Annotated photo localization data
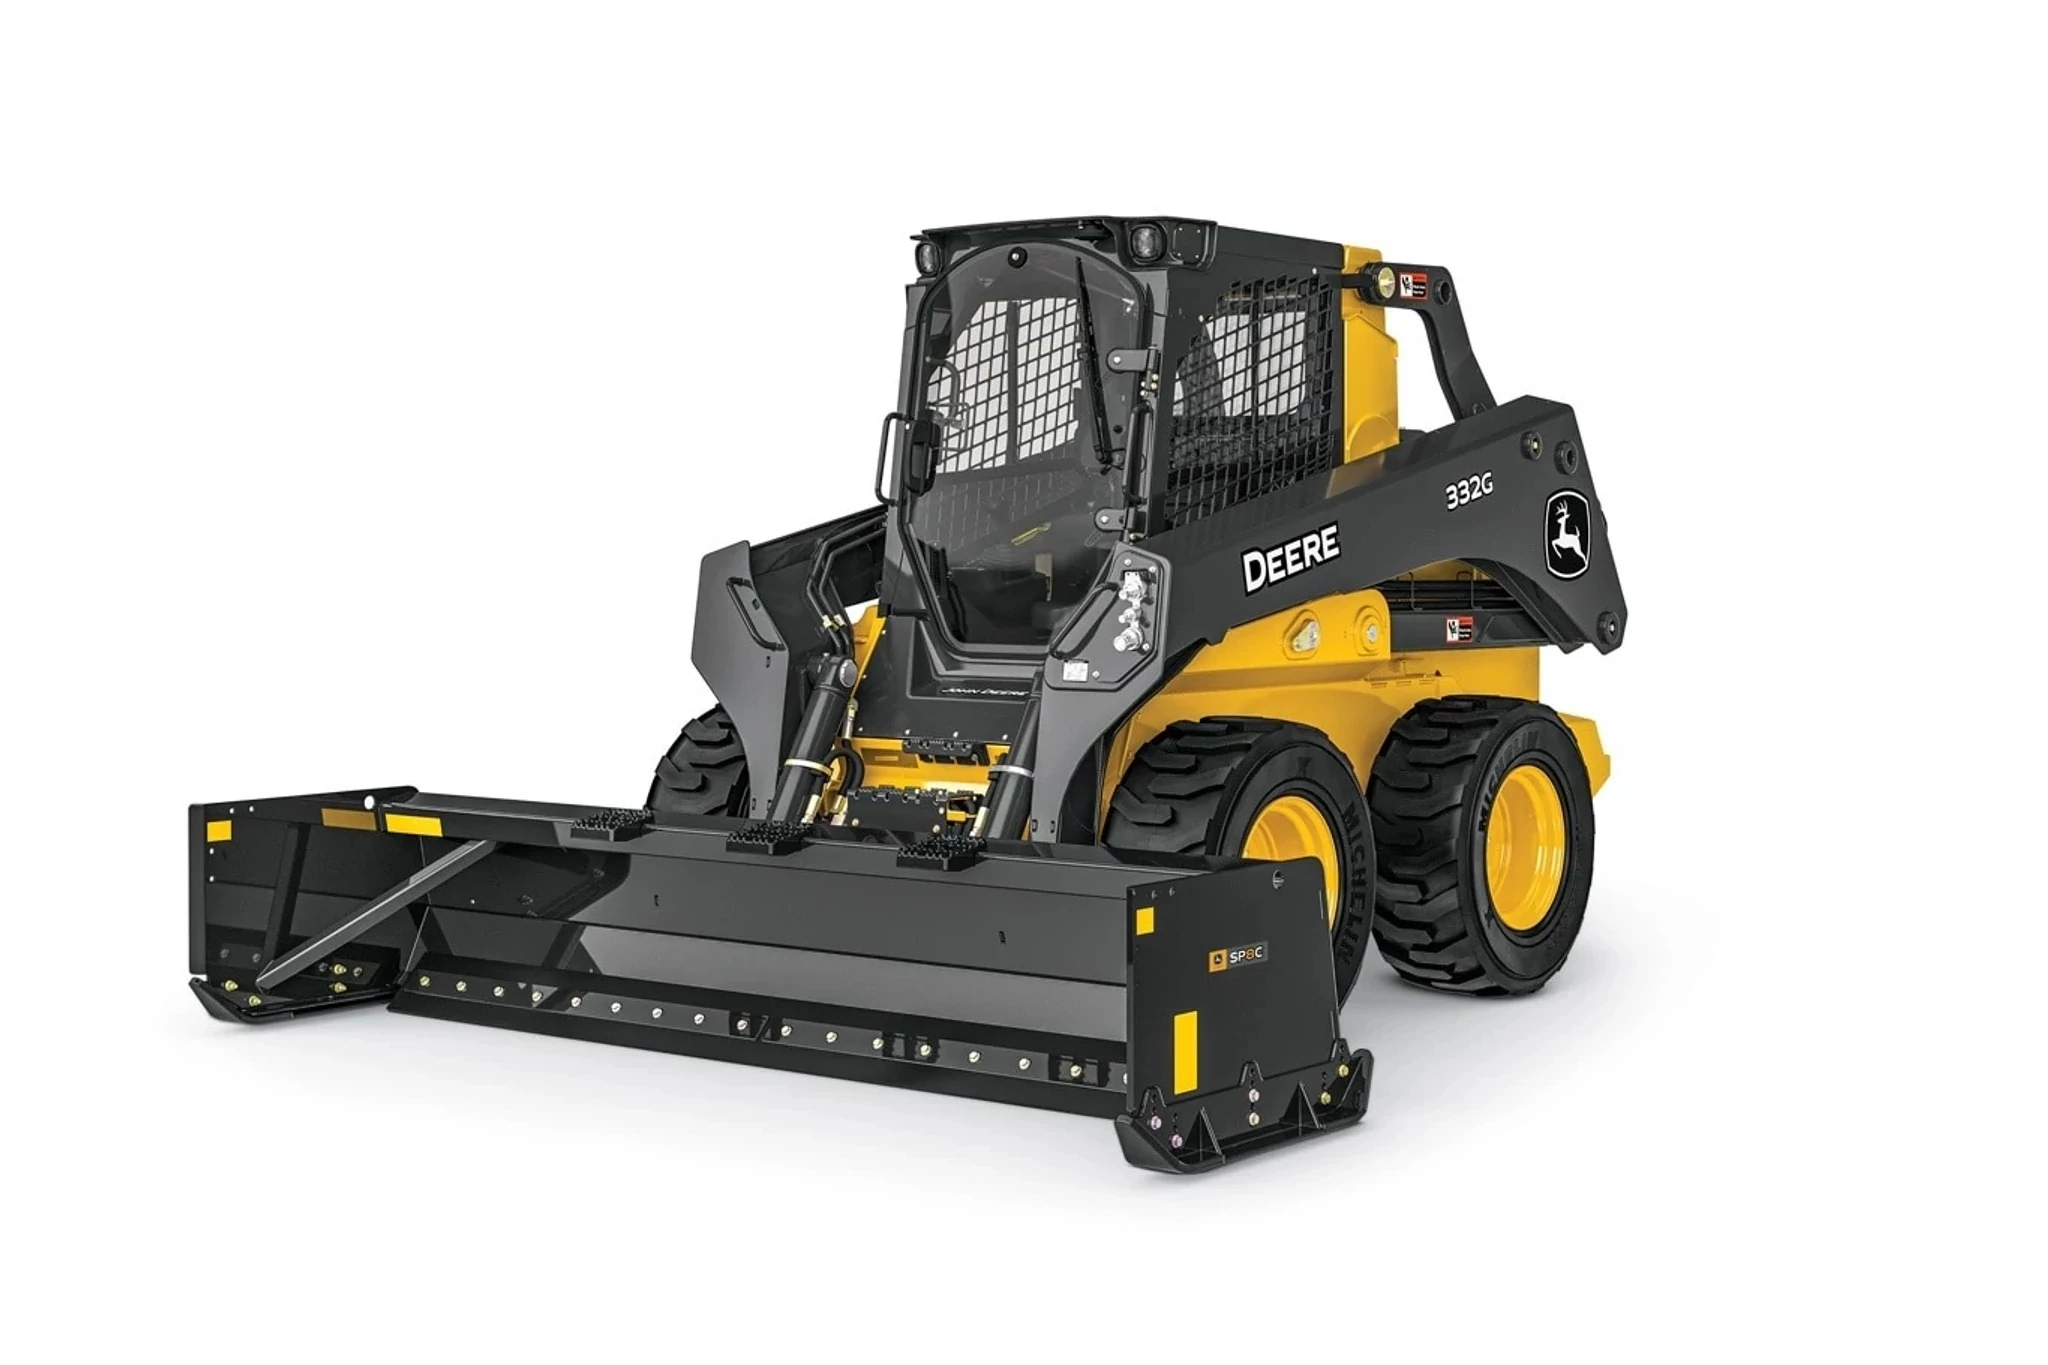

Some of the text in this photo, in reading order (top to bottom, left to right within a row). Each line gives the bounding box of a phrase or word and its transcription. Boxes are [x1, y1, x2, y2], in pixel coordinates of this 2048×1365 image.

[1445, 471, 1493, 510] 332G
[1242, 524, 1340, 593] DEERE
[1338, 801, 1368, 966] MICHELIN
[1229, 946, 1263, 964] SP8C
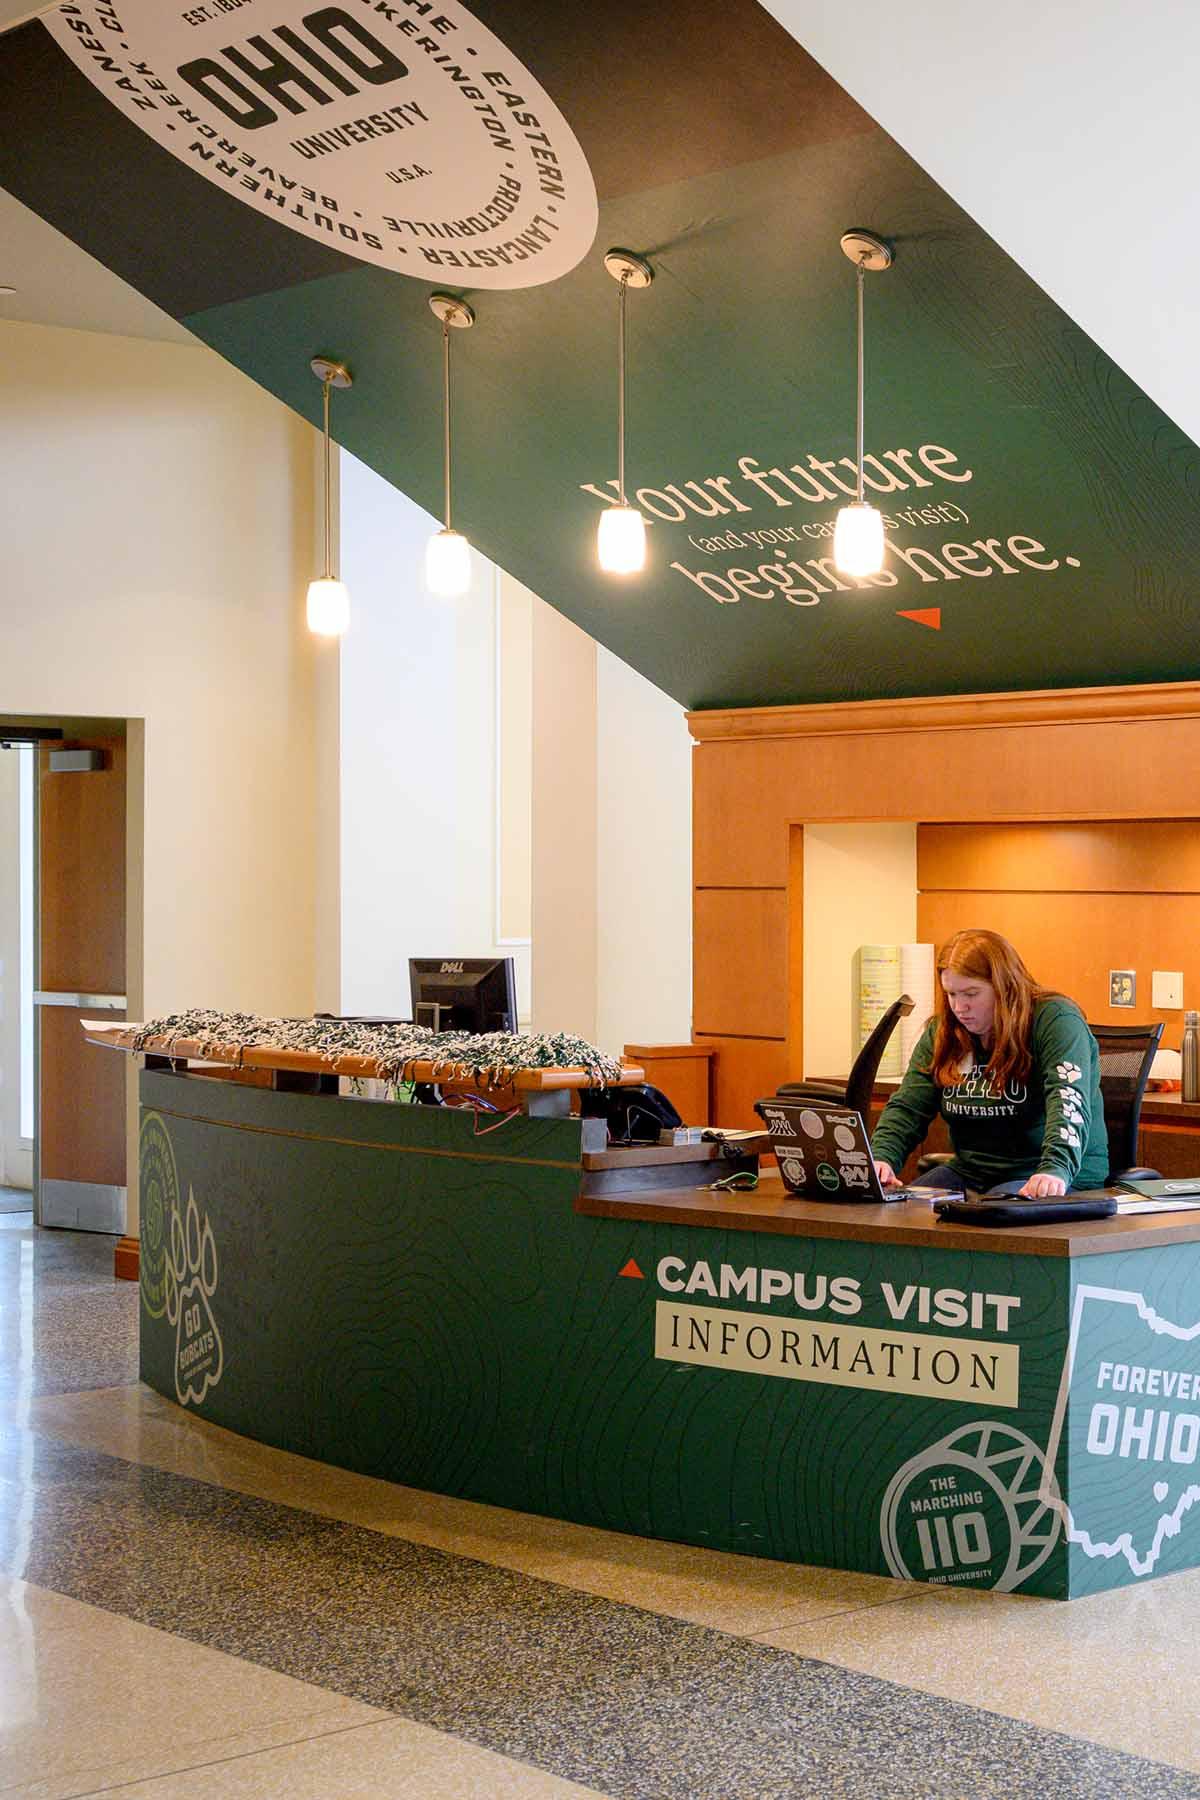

■ Exercise directions
Retype the entries word for word. Omit any images.

■ Solution for this exercise
Some of the text in this photo, in reading order (top to bottom, left to right within a row). Each line gives the bounding box of a phrase or word and its transcription. Boxes are [x1, y1, x2, y2], in pixel coordinates of this 2048×1365 image.

[1445, 471, 1493, 510] 332G
[1242, 524, 1340, 593] DEERE
[1338, 801, 1368, 966] MICHELIN
[1229, 946, 1263, 964] SP8C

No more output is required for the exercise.